- [TASK INSTRUCTIONS]: Exactly as given, write out the lines from the one containing "this 2048×1536 image." through the end of the listing, with both ends included and nothing else.

- [EXTRACTED INFORMATION]:
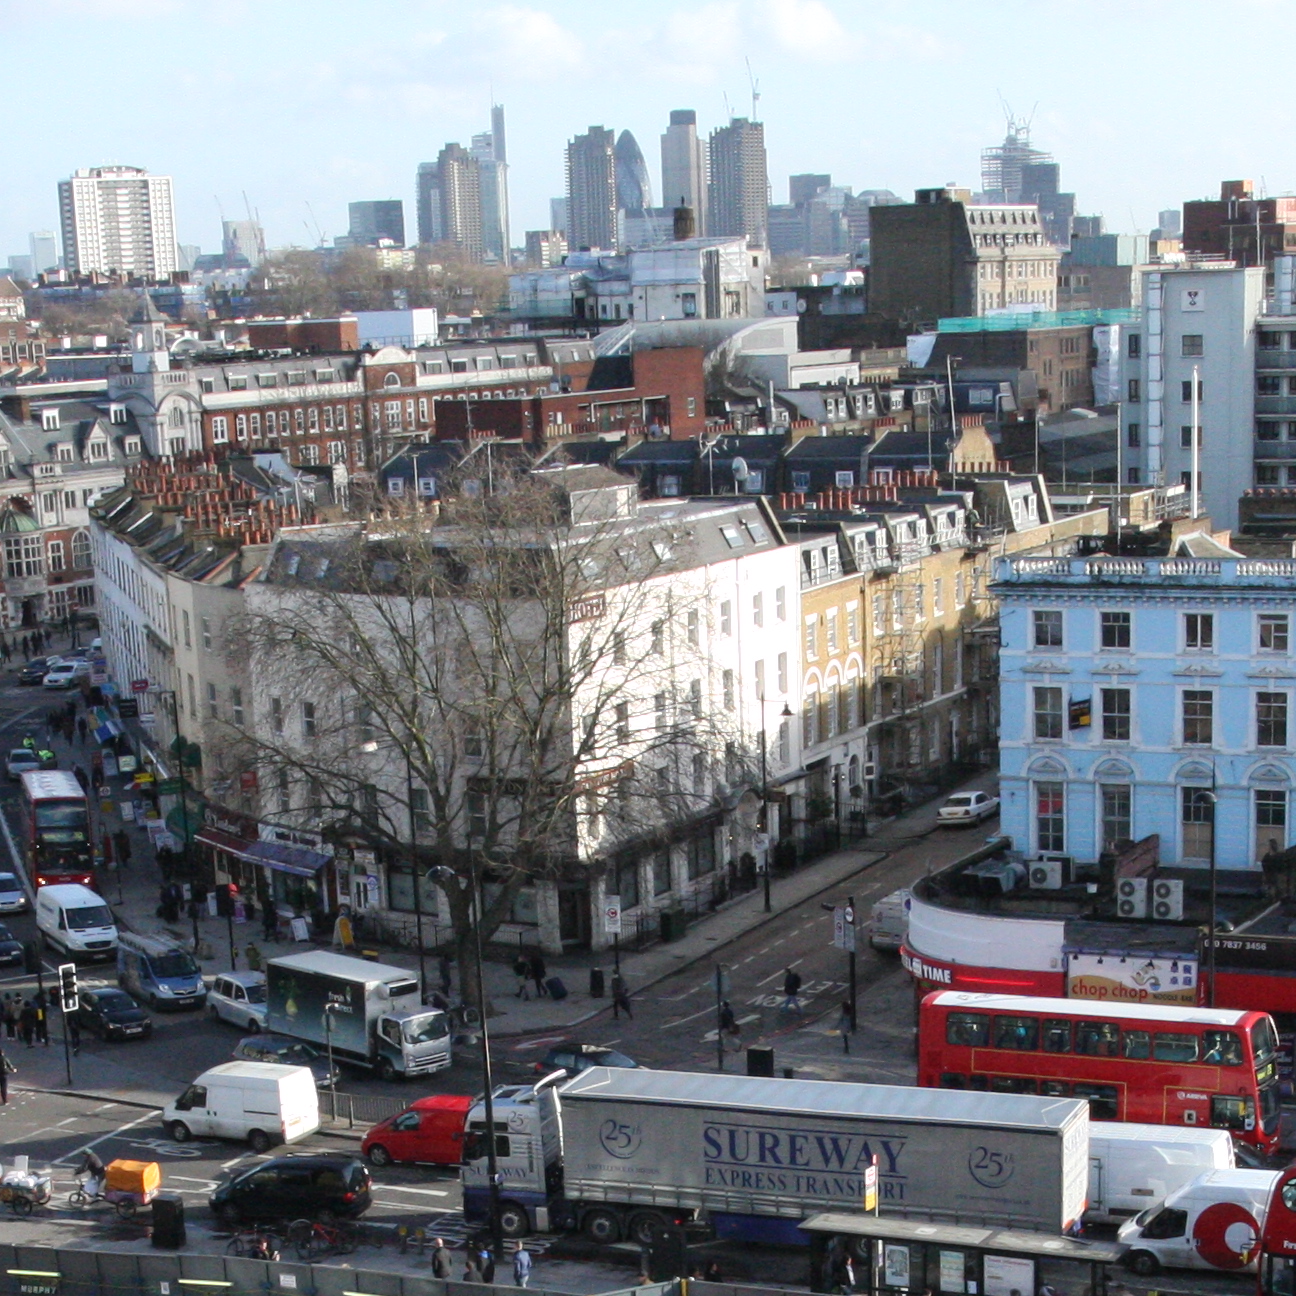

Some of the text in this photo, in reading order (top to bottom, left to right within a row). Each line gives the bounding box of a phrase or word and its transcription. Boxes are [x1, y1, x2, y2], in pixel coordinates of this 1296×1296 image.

[1204, 940, 1220, 948] 00
[922, 965, 952, 984] TIME
[1072, 979, 1149, 1002] chop chop
[703, 1126, 907, 1174] SUREWAY
[705, 1167, 787, 1192] EXPRESS
[20, 1284, 56, 1295] MURPHY
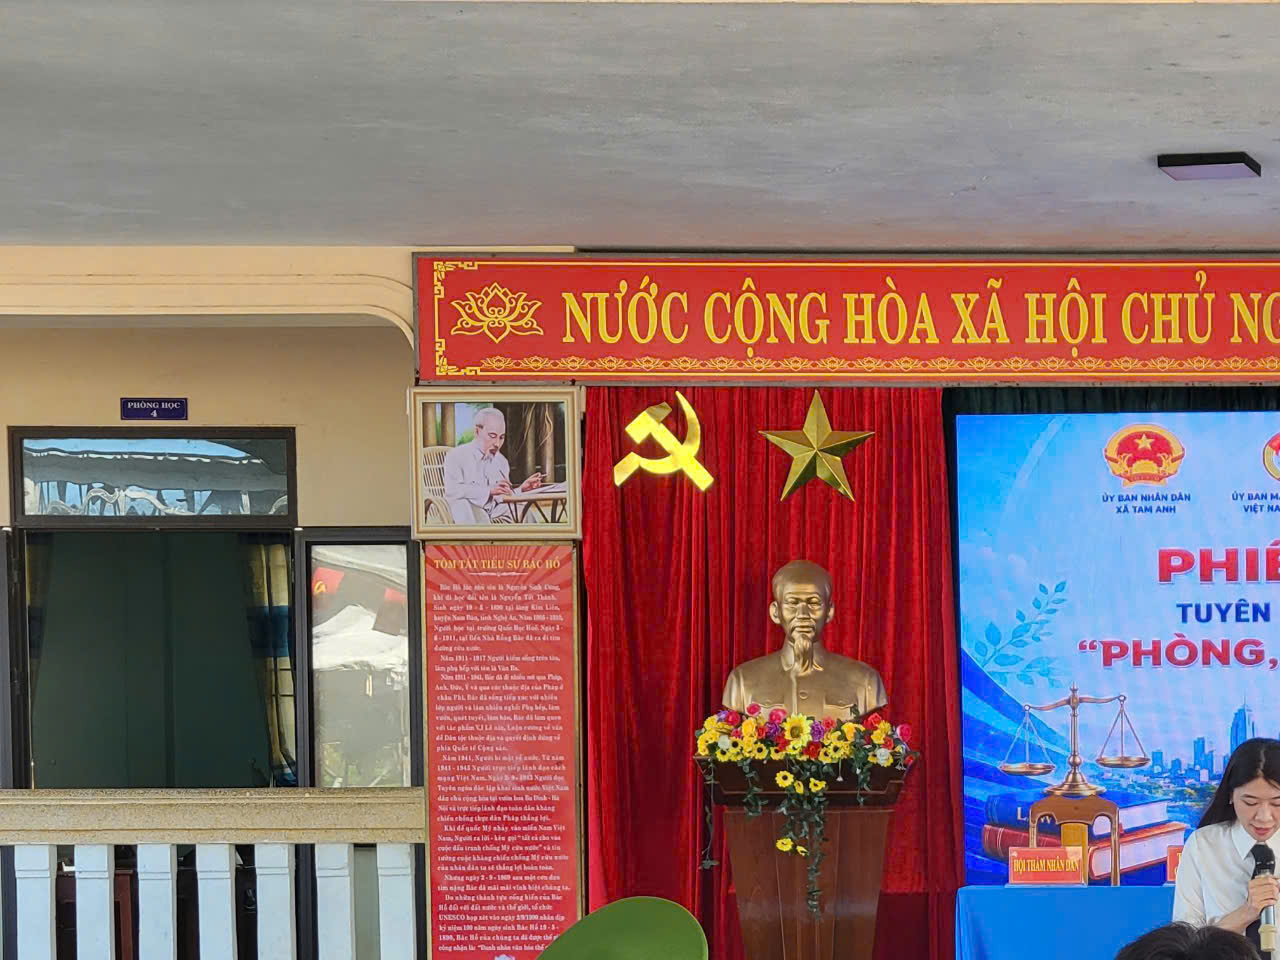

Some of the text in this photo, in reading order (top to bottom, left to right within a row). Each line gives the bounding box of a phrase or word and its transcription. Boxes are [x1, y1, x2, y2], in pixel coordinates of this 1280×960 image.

[562, 275, 690, 345] NƯỚC
[704, 278, 829, 358] CỘNG
[843, 276, 937, 345] HÒA
[952, 280, 1009, 345] XÃ
[1025, 277, 1107, 358] HỘI
[1121, 270, 1215, 345] CHỦ
[1102, 492, 1115, 502] ỦY
[1141, 492, 1168, 502] NHÂN
[1171, 492, 1190, 501] DÂN
[1232, 490, 1244, 501] ỦY
[1248, 493, 1267, 501] BAN
[1116, 504, 1129, 514] XÃ
[1244, 503, 1264, 514] VIỆT
[1176, 598, 1271, 624] TUYÊN
[1078, 632, 1278, 670] “PHÒNG,
[1016, 807, 1052, 824] LW
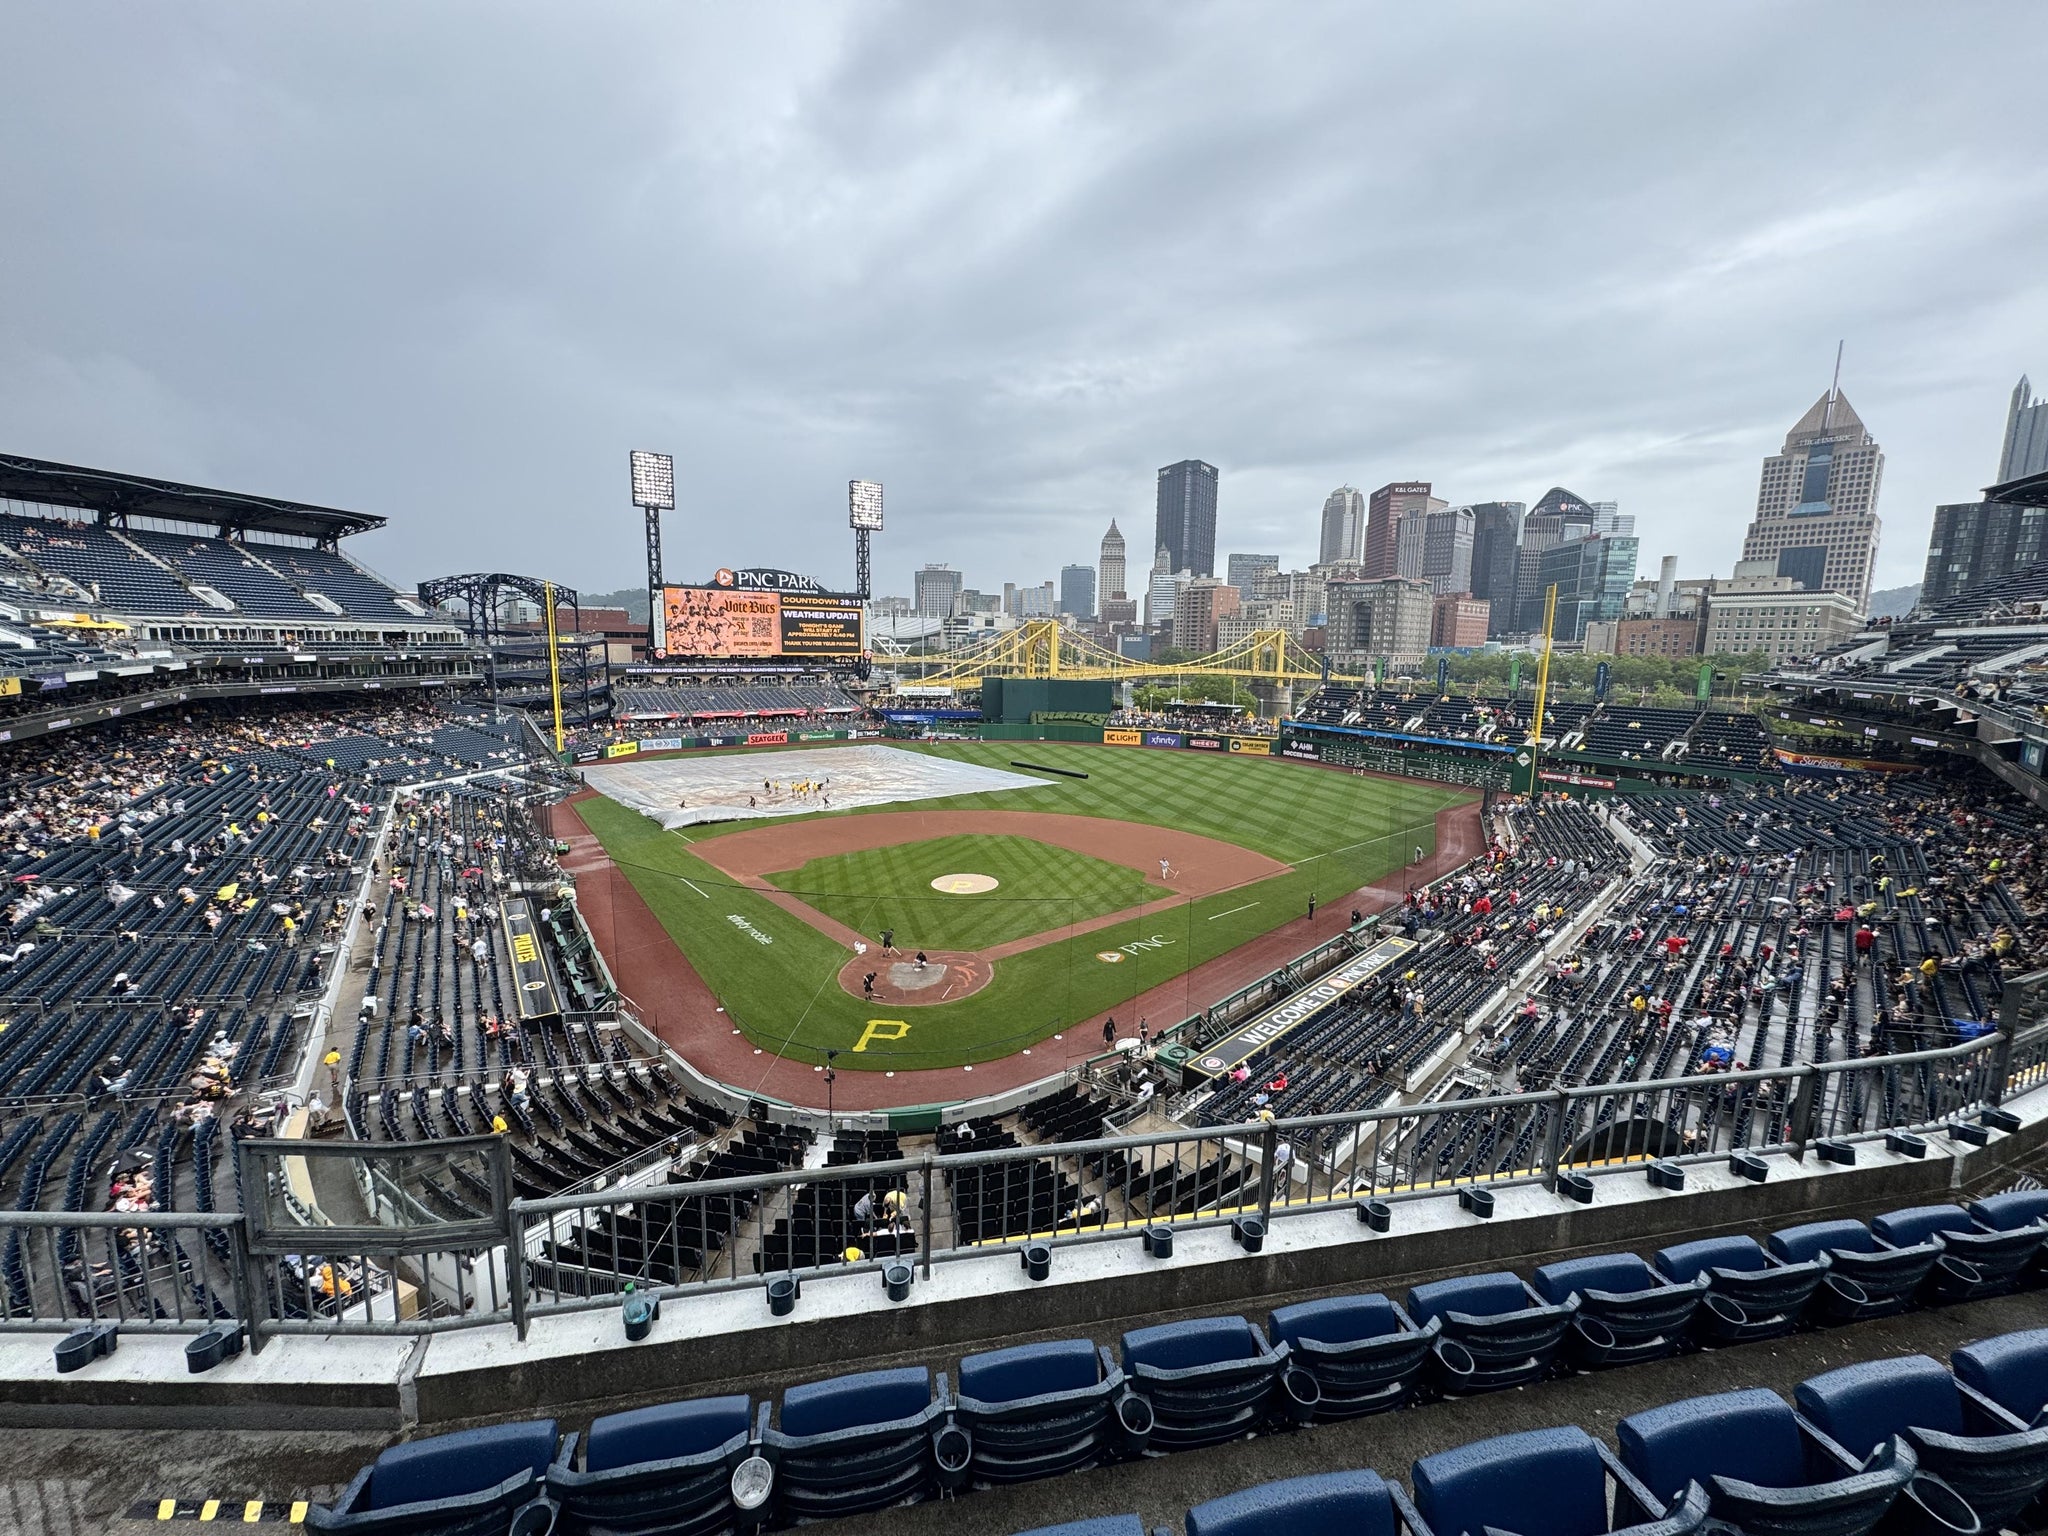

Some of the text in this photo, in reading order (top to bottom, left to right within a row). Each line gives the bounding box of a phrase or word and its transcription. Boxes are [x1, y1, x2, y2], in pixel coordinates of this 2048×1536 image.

[737, 571, 819, 589] PNC PARK
[782, 596, 839, 605] COUNTDOWN
[723, 599, 776, 614] Vote Bucs
[783, 610, 858, 620] WEATHER UPDATE
[1036, 710, 1108, 726] PIRATES
[710, 738, 723, 746] Lite
[750, 734, 785, 743] SEATGEEK
[1151, 736, 1176, 746] xfinity
[1298, 742, 1313, 751] AHN
[1283, 750, 1303, 758] SOCCER
[1800, 755, 1842, 768] Surfside
[1117, 934, 1176, 955] PNC
[1238, 952, 1390, 1045] WELCOME TO PNC PARK
[852, 1019, 912, 1052] P

- [COMPLETED EXERCISE]:
Some of the text in this photo, in reading order (top to bottom, left to right within a row). Each line gives the bounding box of a phrase or word and its transcription. Boxes are [x1, y1, x2, y2], in pixel coordinates of this 2048×1536 image.

[737, 571, 819, 589] PNC PARK
[782, 596, 839, 605] COUNTDOWN
[723, 599, 776, 614] Vote Bucs
[783, 610, 858, 620] WEATHER UPDATE
[1036, 710, 1108, 726] PIRATES
[710, 738, 723, 746] Lite
[750, 734, 785, 743] SEATGEEK
[1151, 736, 1176, 746] xfinity
[1298, 742, 1313, 751] AHN
[1283, 750, 1303, 758] SOCCER
[1800, 755, 1842, 768] Surfside
[1117, 934, 1176, 955] PNC
[1238, 952, 1390, 1045] WELCOME TO PNC PARK
[852, 1019, 912, 1052] P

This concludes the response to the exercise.